[Opening SOURCE MATERIAL section]

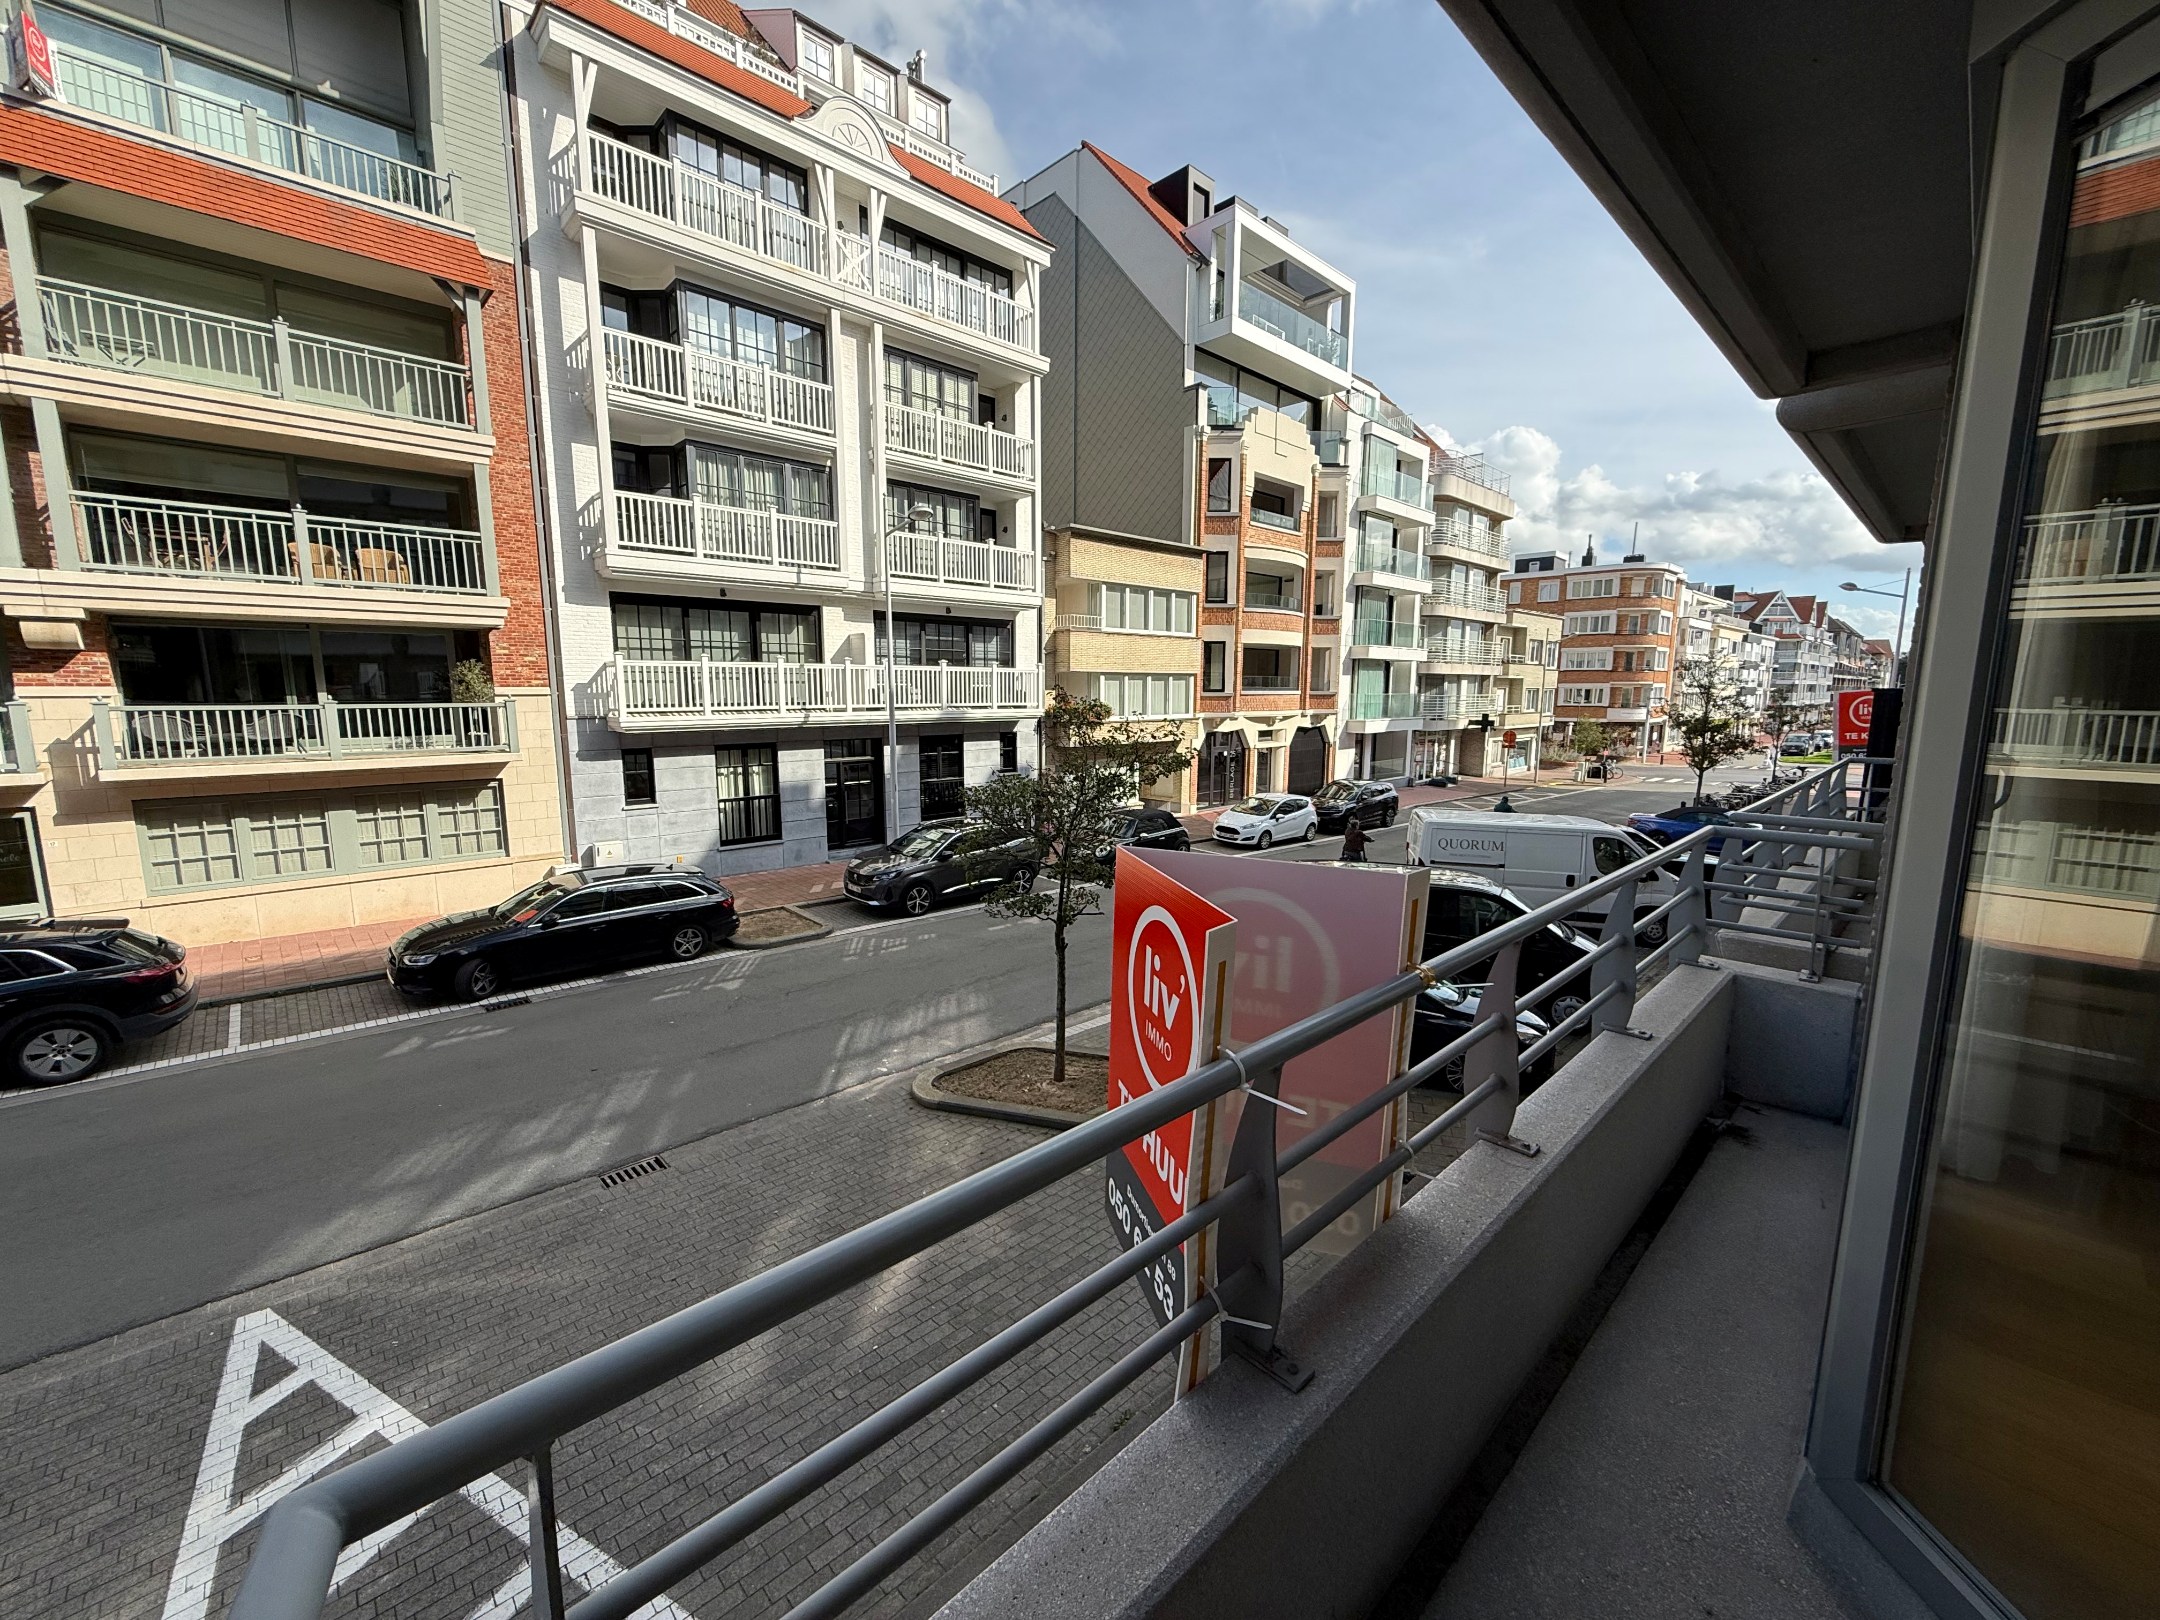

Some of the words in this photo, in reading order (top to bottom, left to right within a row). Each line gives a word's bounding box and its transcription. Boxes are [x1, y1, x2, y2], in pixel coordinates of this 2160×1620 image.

[1844, 732, 1859, 740] TE
[1437, 837, 1504, 852] QUORUM
[1145, 1019, 1172, 1062] IMMO
[1108, 1177, 1131, 1235] 050
[1153, 1264, 1174, 1321] 53
[1167, 1258, 1176, 1281] 89
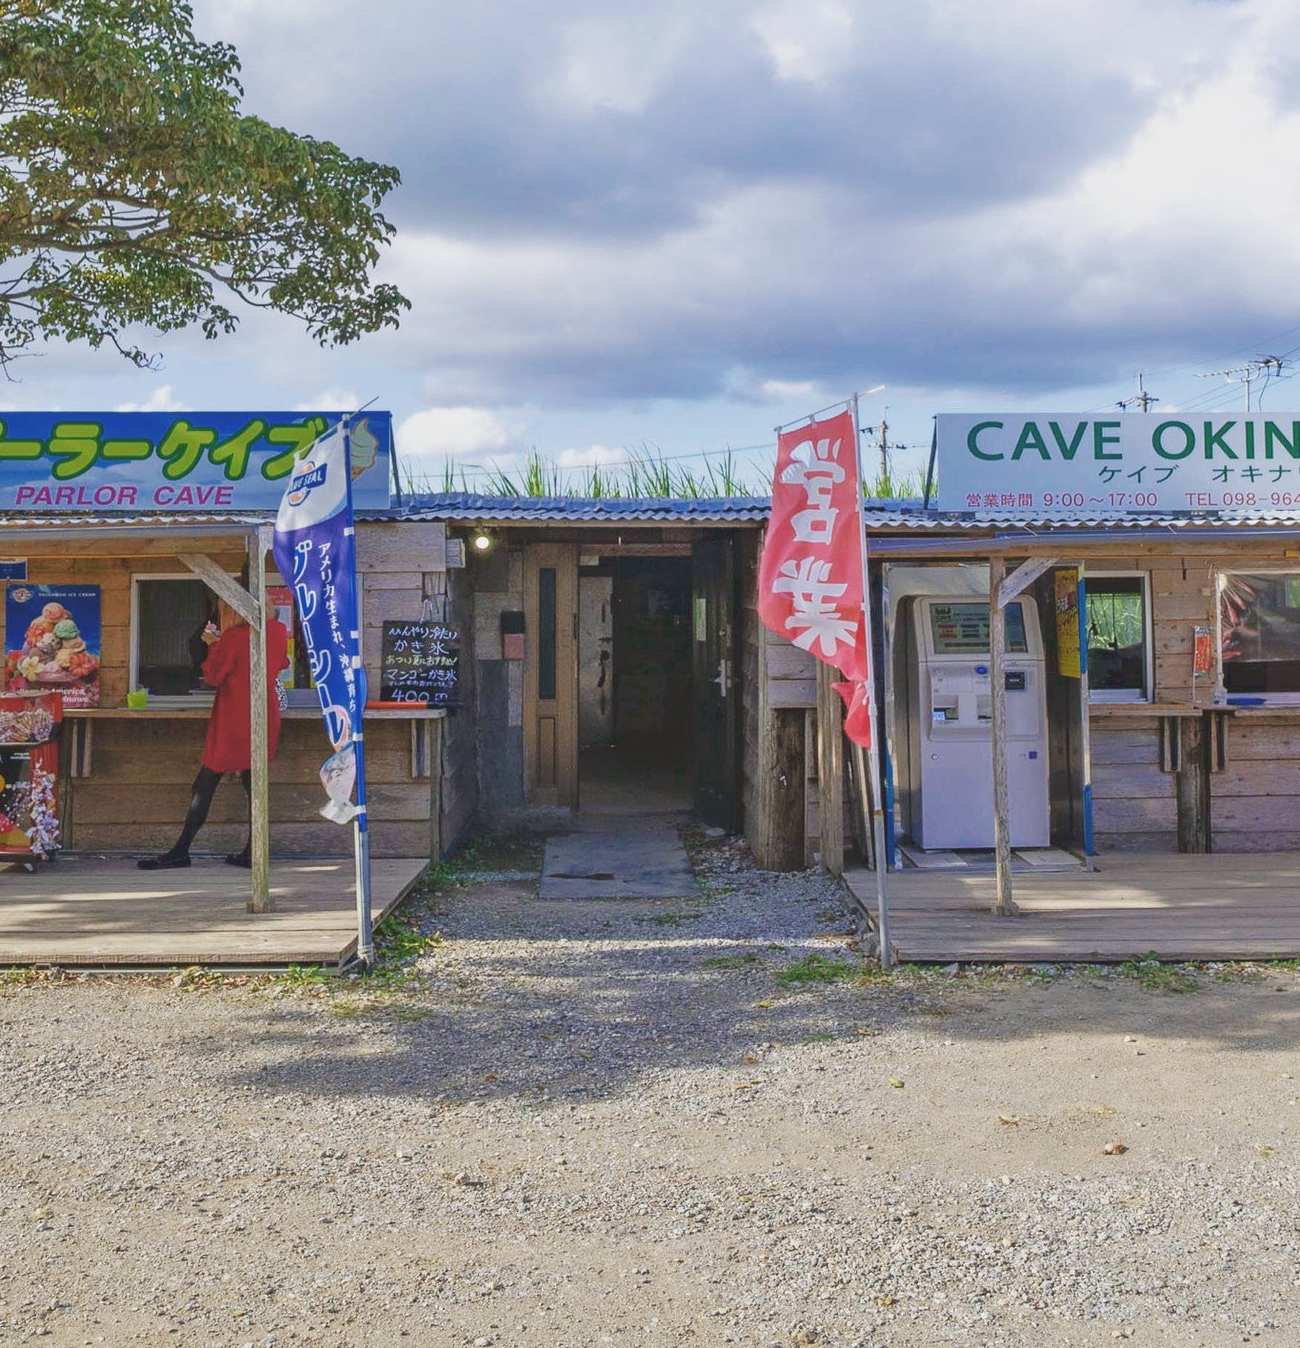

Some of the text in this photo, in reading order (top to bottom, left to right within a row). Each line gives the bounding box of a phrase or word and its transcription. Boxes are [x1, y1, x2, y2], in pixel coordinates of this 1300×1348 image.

[966, 421, 1123, 461] CAVE
[1098, 464, 1180, 484] ケイブ
[15, 485, 234, 506] PARLOR CAVE
[966, 493, 1033, 508] 営業時間
[1185, 492, 1218, 507] TEL
[394, 640, 449, 655] かき氷

[Closing SOURCE MATERIAL section]

TASK TO CARRY OUT: Pictures in the records must not appear in the copy; transcribe everything else precisely.

ANSWER SECTION:
Some of the words in this photo, in reading order (top to bottom, left to right within a row). Each line gives a word's bounding box and its transcription. Boxes are [x1, y1, x2, y2], in pixel coordinates of this 2160×1620 image.

[1844, 732, 1859, 740] TE
[1437, 837, 1504, 852] QUORUM
[1145, 1019, 1172, 1062] IMMO
[1108, 1177, 1131, 1235] 050
[1153, 1264, 1174, 1321] 53
[1167, 1258, 1176, 1281] 89

Some of the text in this photo, in reading order (top to bottom, left to right within a row). Each line gives the bounding box of a phrase or word and its transcription. Boxes are [x1, y1, x2, y2], in pixel coordinates of this 1300×1348 image.

[966, 421, 1123, 461] CAVE
[1098, 464, 1180, 484] ケイブ
[15, 485, 234, 506] PARLOR CAVE
[966, 493, 1033, 508] 営業時間
[1185, 492, 1218, 507] TEL
[394, 640, 449, 655] かき氷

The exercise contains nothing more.